[Extracted entries Boundary: Start]

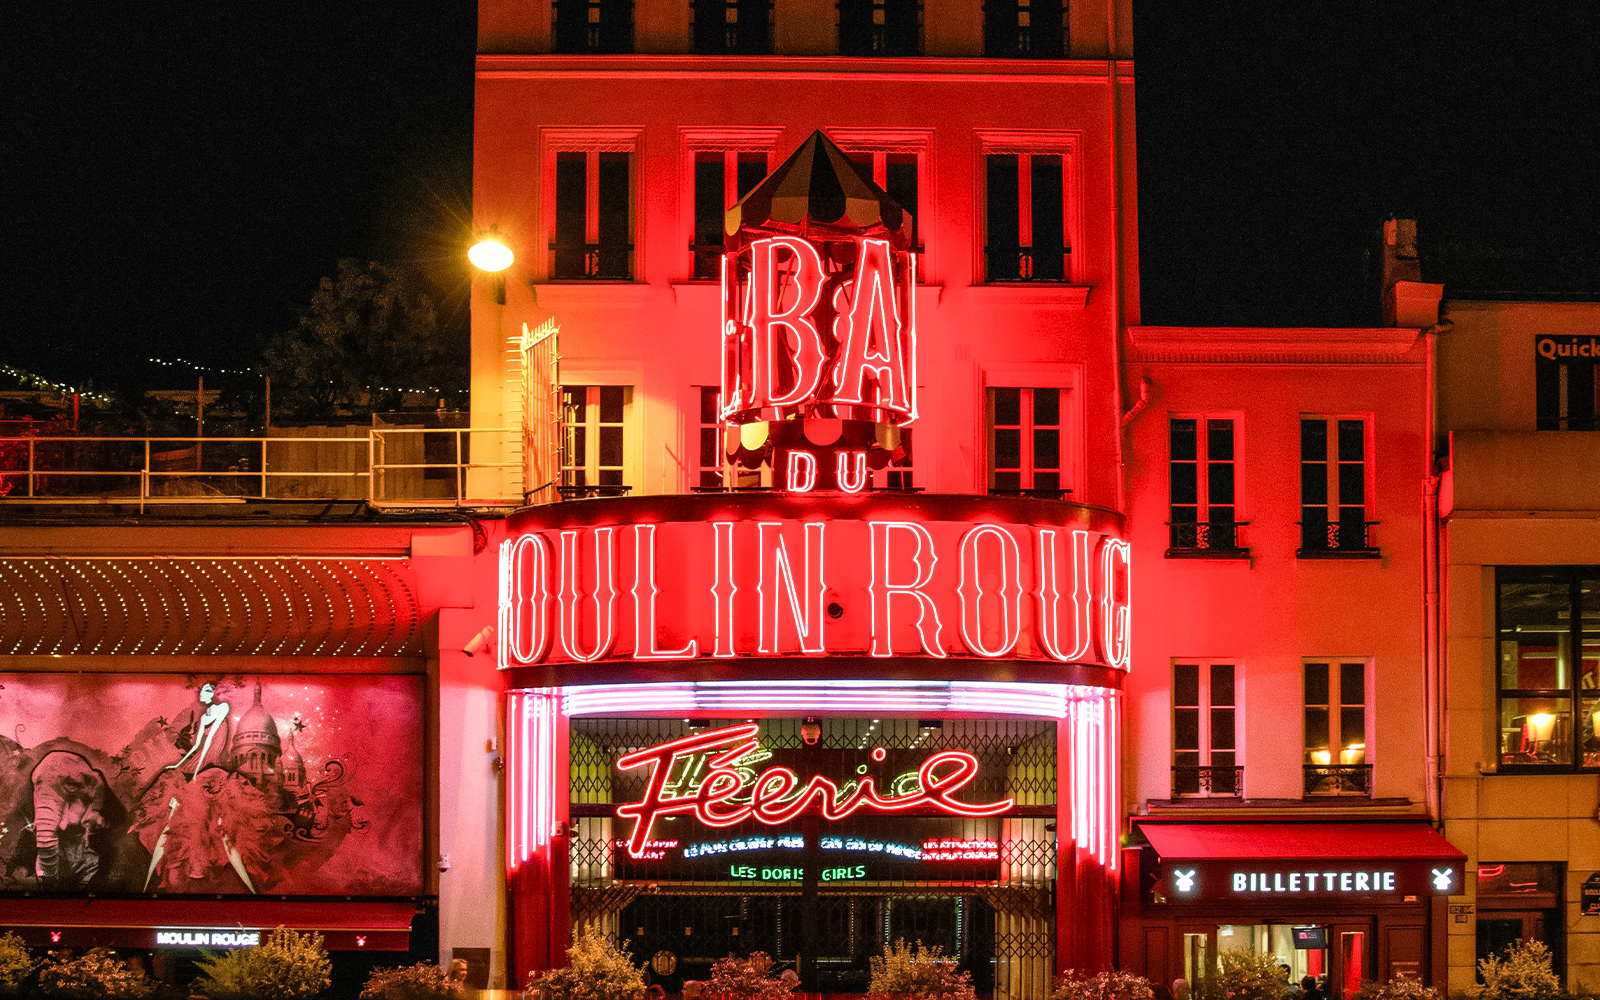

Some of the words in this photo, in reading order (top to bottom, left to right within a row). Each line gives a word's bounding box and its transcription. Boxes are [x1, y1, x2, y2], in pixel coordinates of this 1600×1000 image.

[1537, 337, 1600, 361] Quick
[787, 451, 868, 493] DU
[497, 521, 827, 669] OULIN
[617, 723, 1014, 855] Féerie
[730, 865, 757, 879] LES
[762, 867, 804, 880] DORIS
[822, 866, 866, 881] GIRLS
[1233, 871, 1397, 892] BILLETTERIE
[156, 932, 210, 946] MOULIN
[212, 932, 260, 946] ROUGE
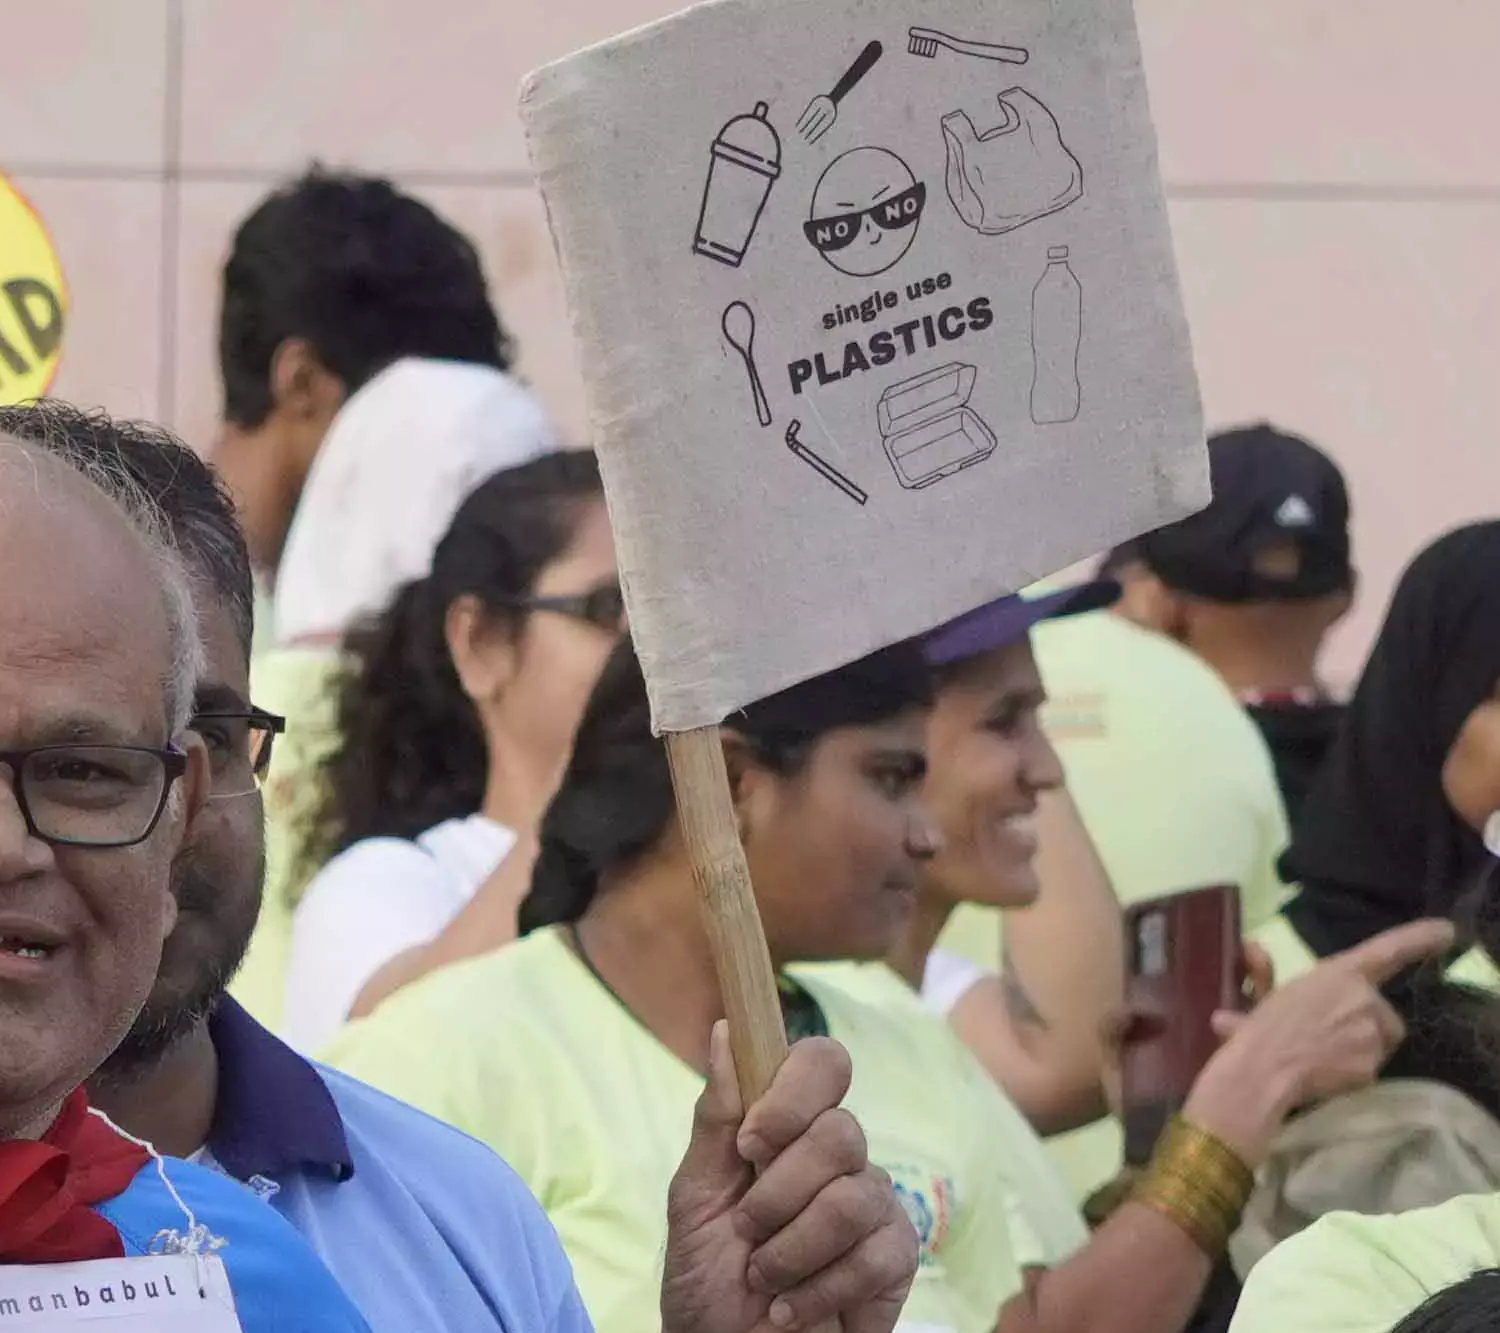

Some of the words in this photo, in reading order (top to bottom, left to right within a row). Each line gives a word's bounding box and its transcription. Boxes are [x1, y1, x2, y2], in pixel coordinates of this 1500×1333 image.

[Extracted entries Boundary: End]

- [Exercise aim]
Please give all of the data again, exact and free of pictures.

- [Written solution]
Some of the words in this photo, in reading order (top to bottom, left to right within a row). Each line gives a word's bounding box and its transcription. Boxes are [x1, y1, x2, y2], in pixel coordinates of this 1600×1000 image.

[1537, 337, 1600, 361] Quick
[787, 451, 868, 493] DU
[497, 521, 827, 669] OULIN
[617, 723, 1014, 855] Féerie
[730, 865, 757, 879] LES
[762, 867, 804, 880] DORIS
[822, 866, 866, 881] GIRLS
[1233, 871, 1397, 892] BILLETTERIE
[156, 932, 210, 946] MOULIN
[212, 932, 260, 946] ROUGE

Some of the words in this photo, in reading order (top to bottom, left to right within a row). Each line gives a word's bounding box and its transcription. Boxes are [x1, y1, x2, y2], in pixel coordinates of this 1500×1333 image.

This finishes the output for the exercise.